6.Centrifuge at ~12,000x g for 12 min at room temperature.
7.Carefully remove and load the supernatant from Step 6 onto the spin column. Incubate for 5 min at room temperature. Centrifuge at~12,000x g for 2 min. Discard the flow-through.
8.Wash the column once with 10 ml Wash Buffer PB. Centrifuge at ~12,000x g for 2 min. Discard the flow-through.
9.Wash the column with 10 ml Wash Buffer W, Centrifuge at ~12,000x g for 2 min. Discard the flow-through. Repeat Step 9 again.
10.Centrifuge the column at ~12,000x g for 4 min to remove any residual Wash Buffer W. Discard the Wash Tube with the flow-through. Air dry the column for 5 minutes.
11.Place the Spin Column in a clean 50-ml Recovery Tube. Add 1.5 to 2 ml of preheated Eluent Buffer to the center of the column. Incubate the column for 5 minute at room temperature. Centrifuge at ~12,000x g for 2 minutes. The Recovery Tube contains your purified plasmid DNA. Discard the column. Store the plasmid DNA at -20℃.

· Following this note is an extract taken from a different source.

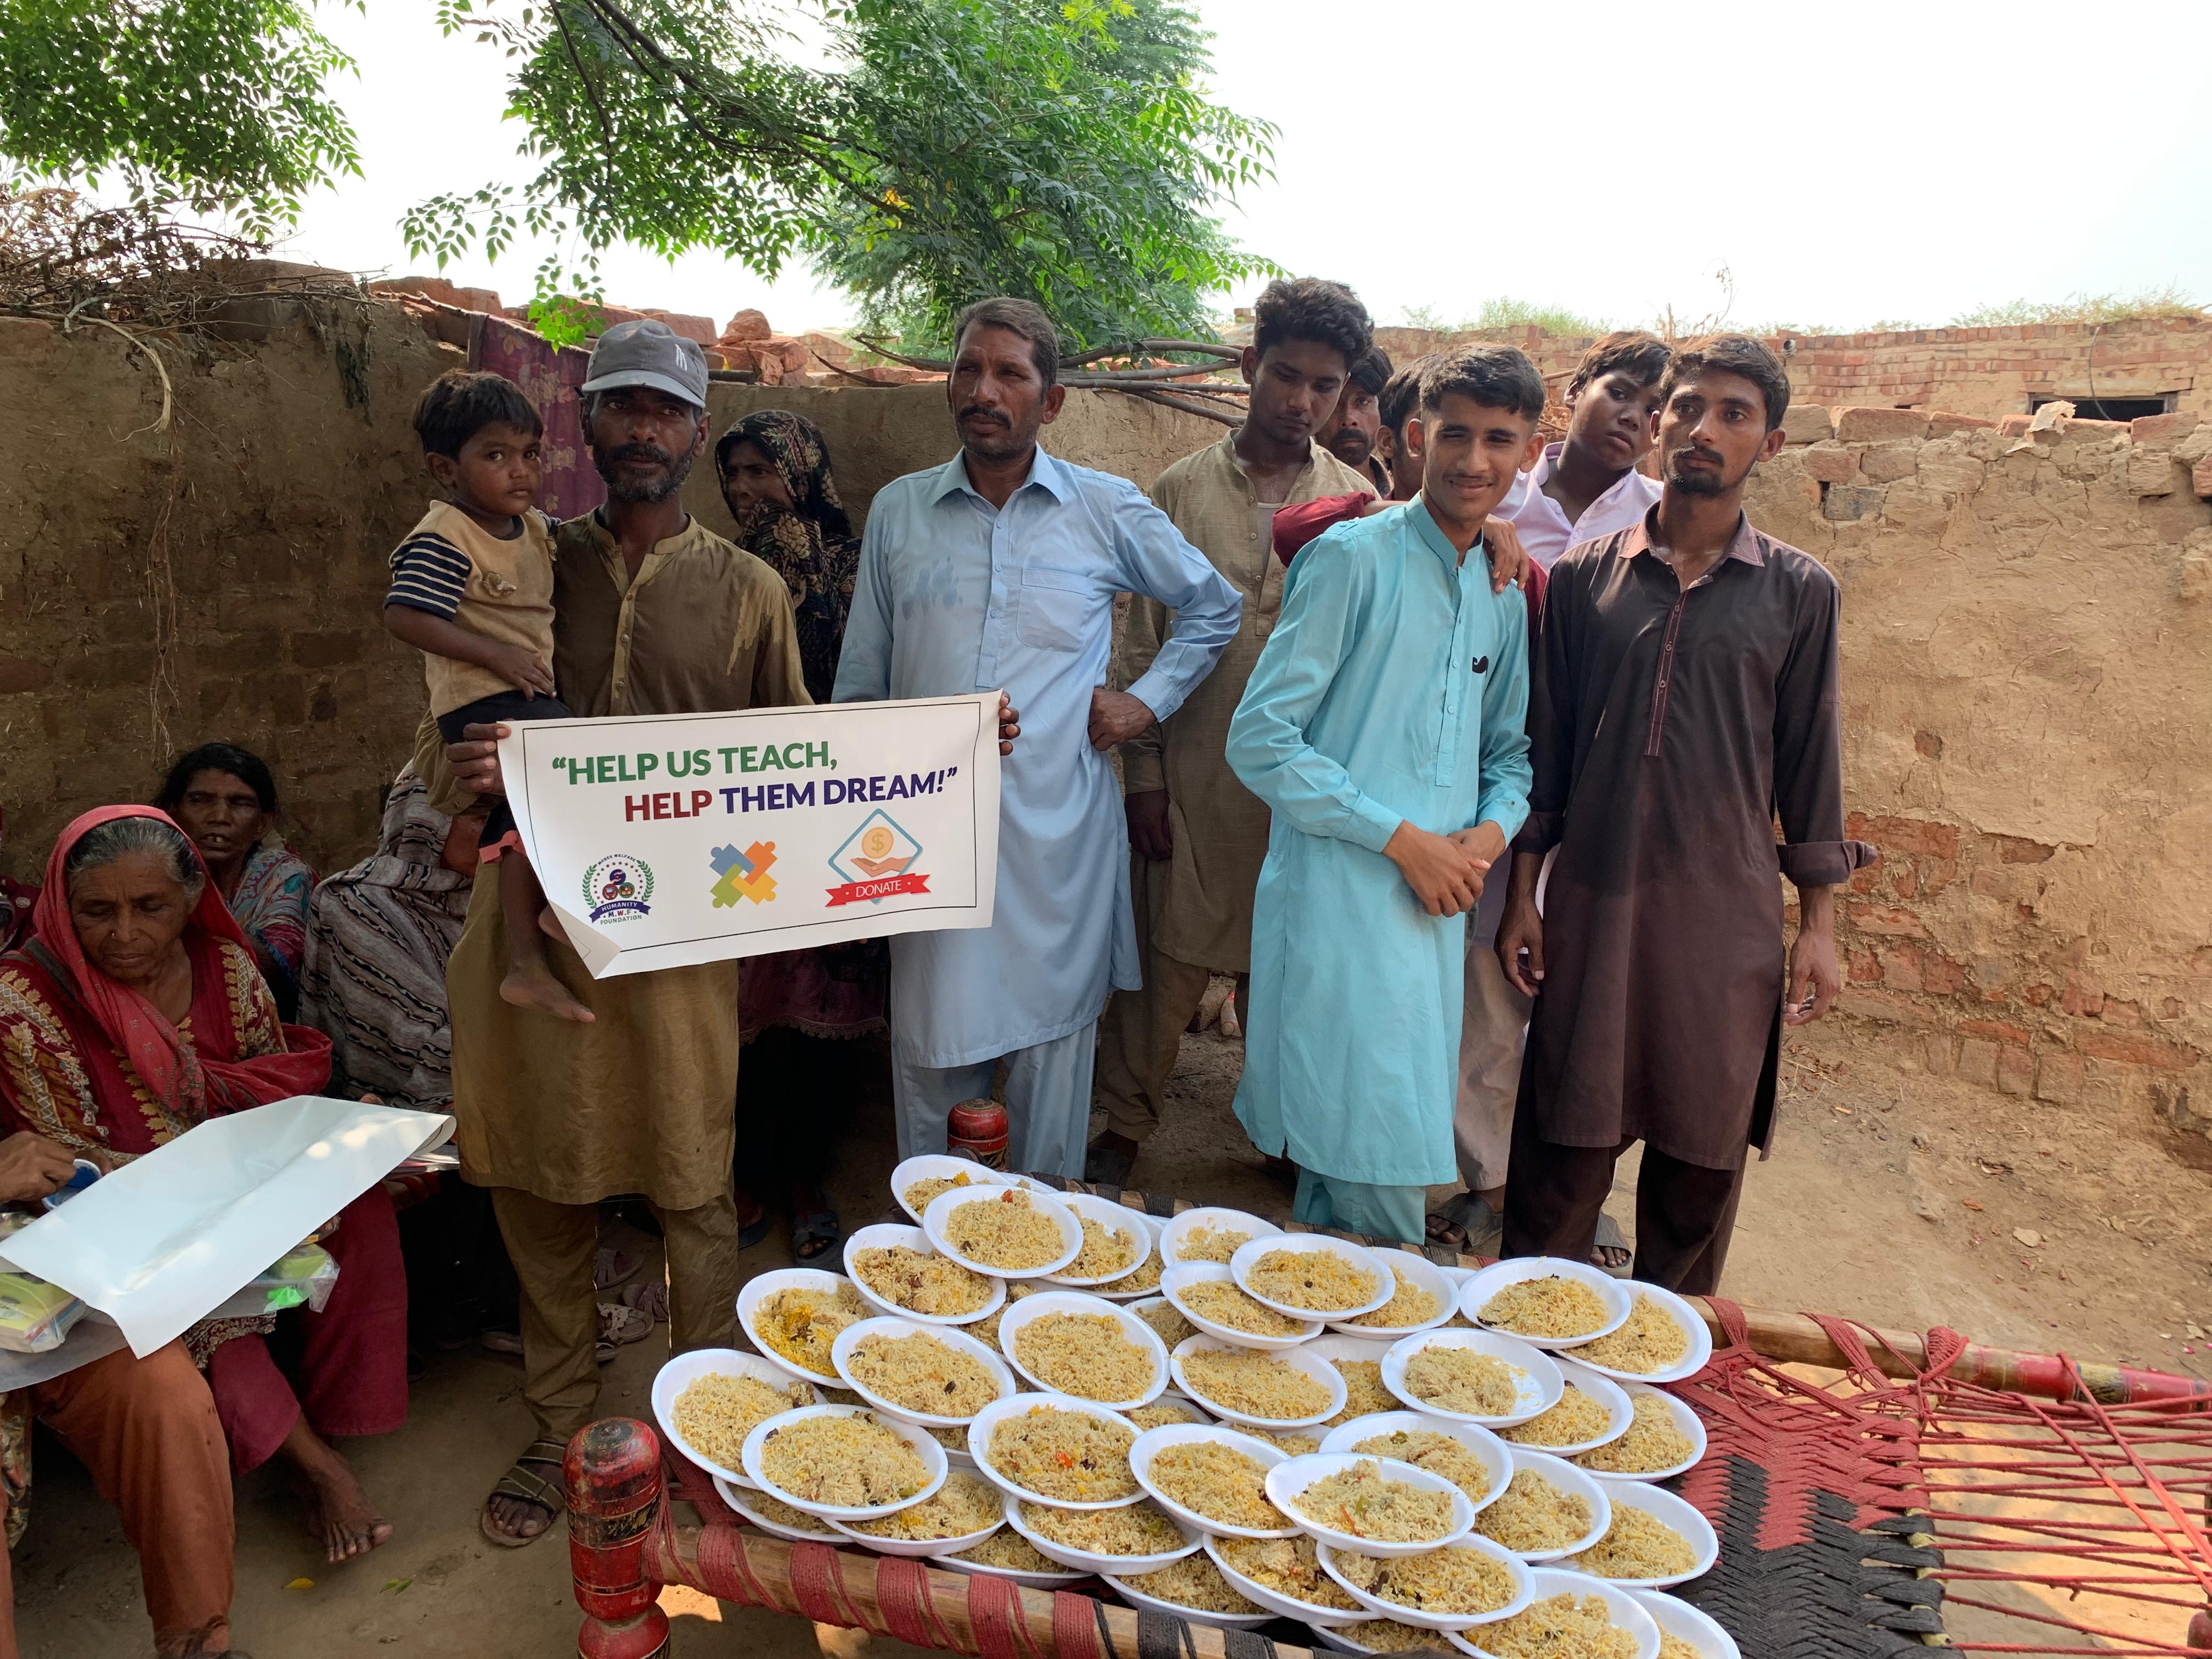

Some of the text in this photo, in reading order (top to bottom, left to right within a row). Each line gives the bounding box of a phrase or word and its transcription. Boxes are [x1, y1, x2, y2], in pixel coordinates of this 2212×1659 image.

Perform DNA quantitation using UV absorbance at 260 nm.
1. Prepare a dilution of the DNA solution. Mix well. Measure the absorbance at 260 nm (A260) of the dilution in a spectrophotometer (using a cuvette with an optical path length of 1 cm) blanked against the dilution buffer.
2. Calculate the concentration of DNA using the formula:
DNA (μg/ml) = A260× 50 × dilution factor
For DNA, A260 = 1 for a 50 μg/ml solution measured in a cuvette with an optical path length of 1 cm.